Please print, word for word, every line from the one that contains "this 1672×1254 image." through the last line of the records, and nothing else.

PROVIDED RECORDS –
++++

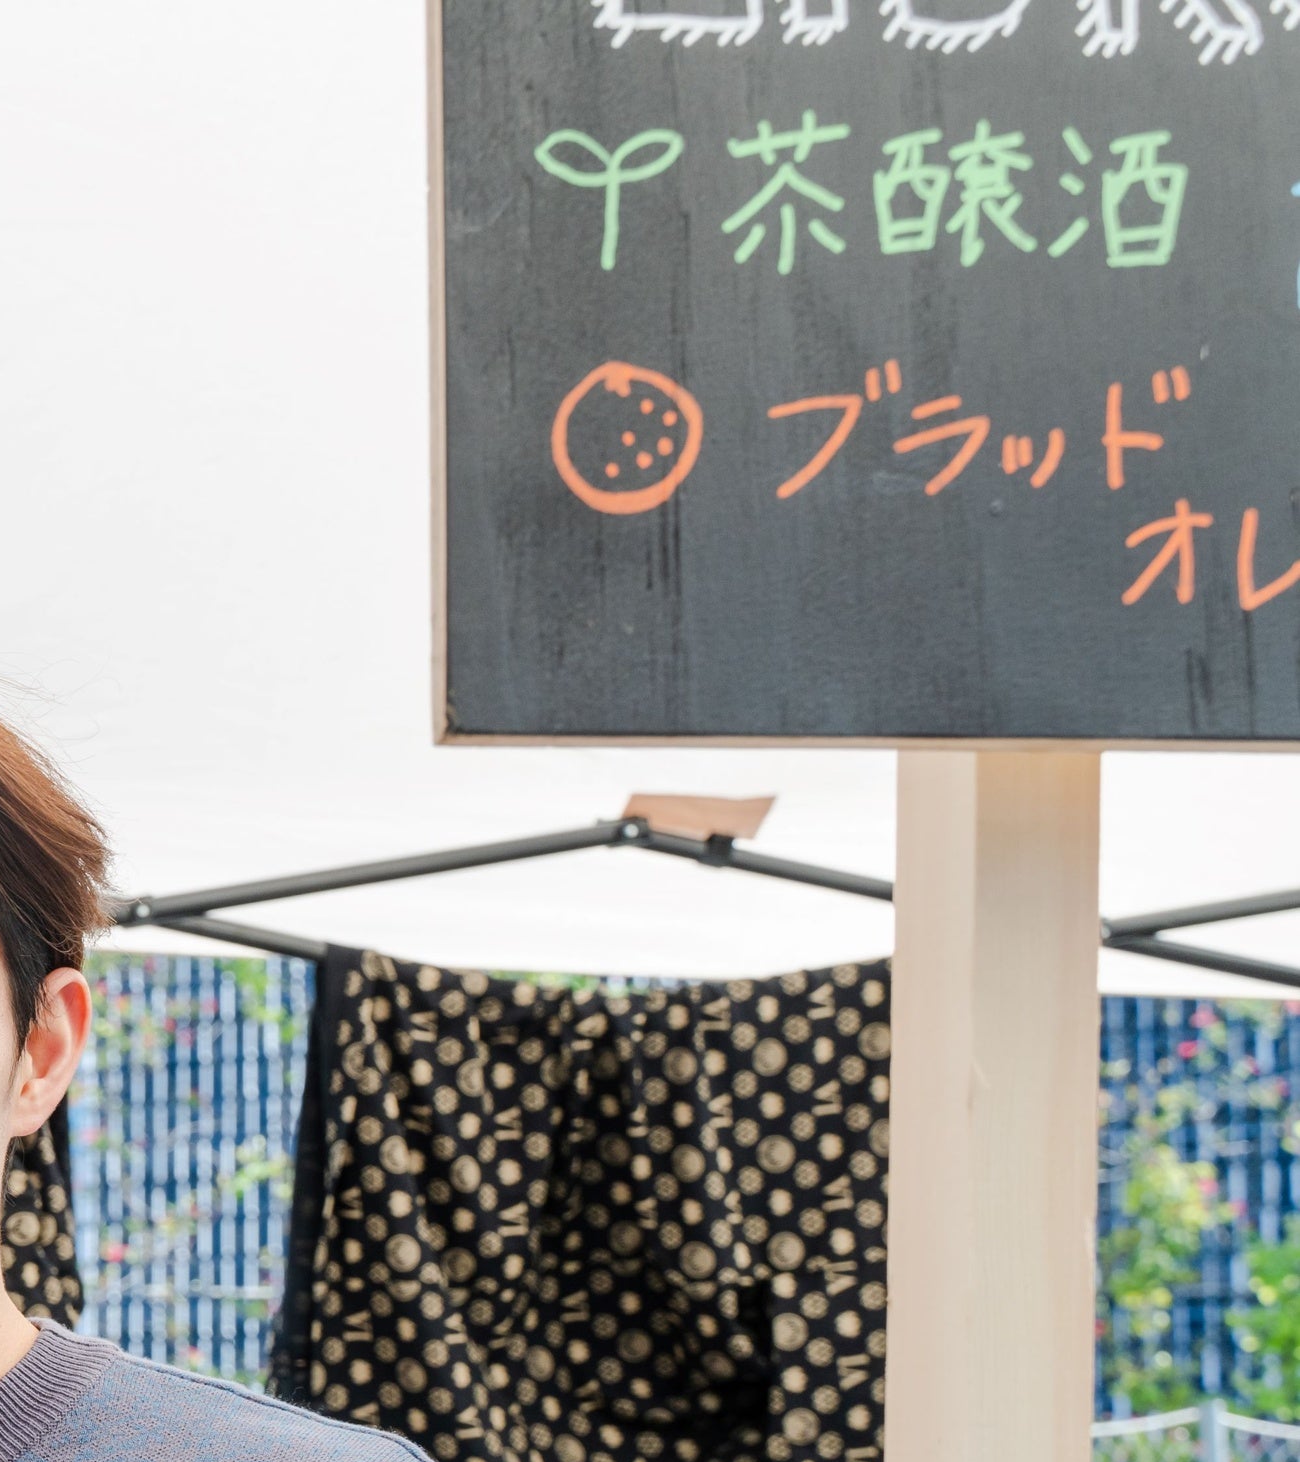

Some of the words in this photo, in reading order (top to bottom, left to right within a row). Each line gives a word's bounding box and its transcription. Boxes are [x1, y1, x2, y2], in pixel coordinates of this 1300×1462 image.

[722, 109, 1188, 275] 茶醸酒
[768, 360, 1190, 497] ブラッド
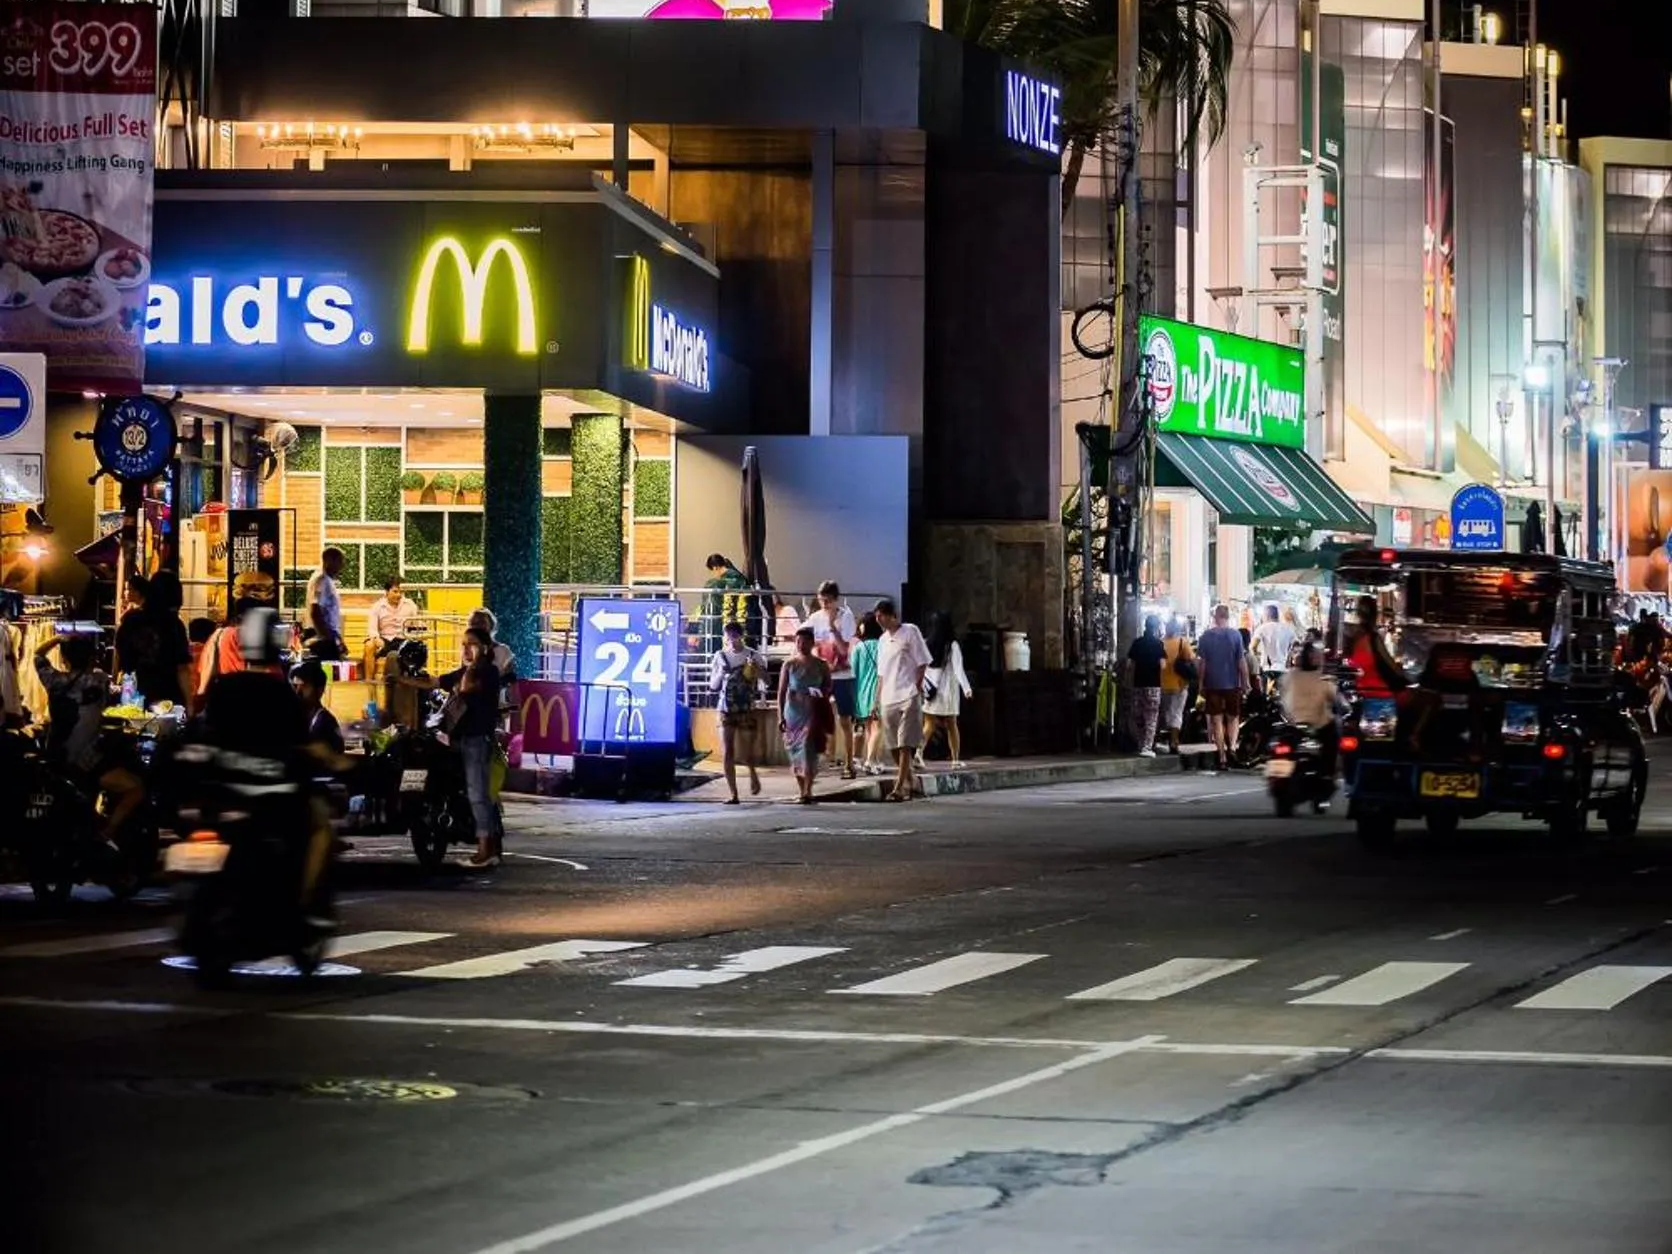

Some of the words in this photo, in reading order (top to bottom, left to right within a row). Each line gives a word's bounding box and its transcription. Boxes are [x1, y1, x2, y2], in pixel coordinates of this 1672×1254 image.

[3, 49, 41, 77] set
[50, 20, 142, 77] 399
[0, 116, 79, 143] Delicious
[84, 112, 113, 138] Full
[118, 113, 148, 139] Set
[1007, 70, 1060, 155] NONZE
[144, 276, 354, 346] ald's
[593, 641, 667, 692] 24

++++

ANSWER TO THE PROBLEM –
Some of the words in this photo, in reading order (top to bottom, left to right within a row). Each line gives a word's bounding box and its transcription. Boxes are [x1, y1, x2, y2], in pixel coordinates of this 1672×1254 image.

[3, 49, 41, 77] set
[50, 20, 142, 77] 399
[0, 116, 79, 143] Delicious
[84, 112, 113, 138] Full
[118, 113, 148, 139] Set
[1007, 70, 1060, 155] NONZE
[144, 276, 354, 346] ald's
[593, 641, 667, 692] 24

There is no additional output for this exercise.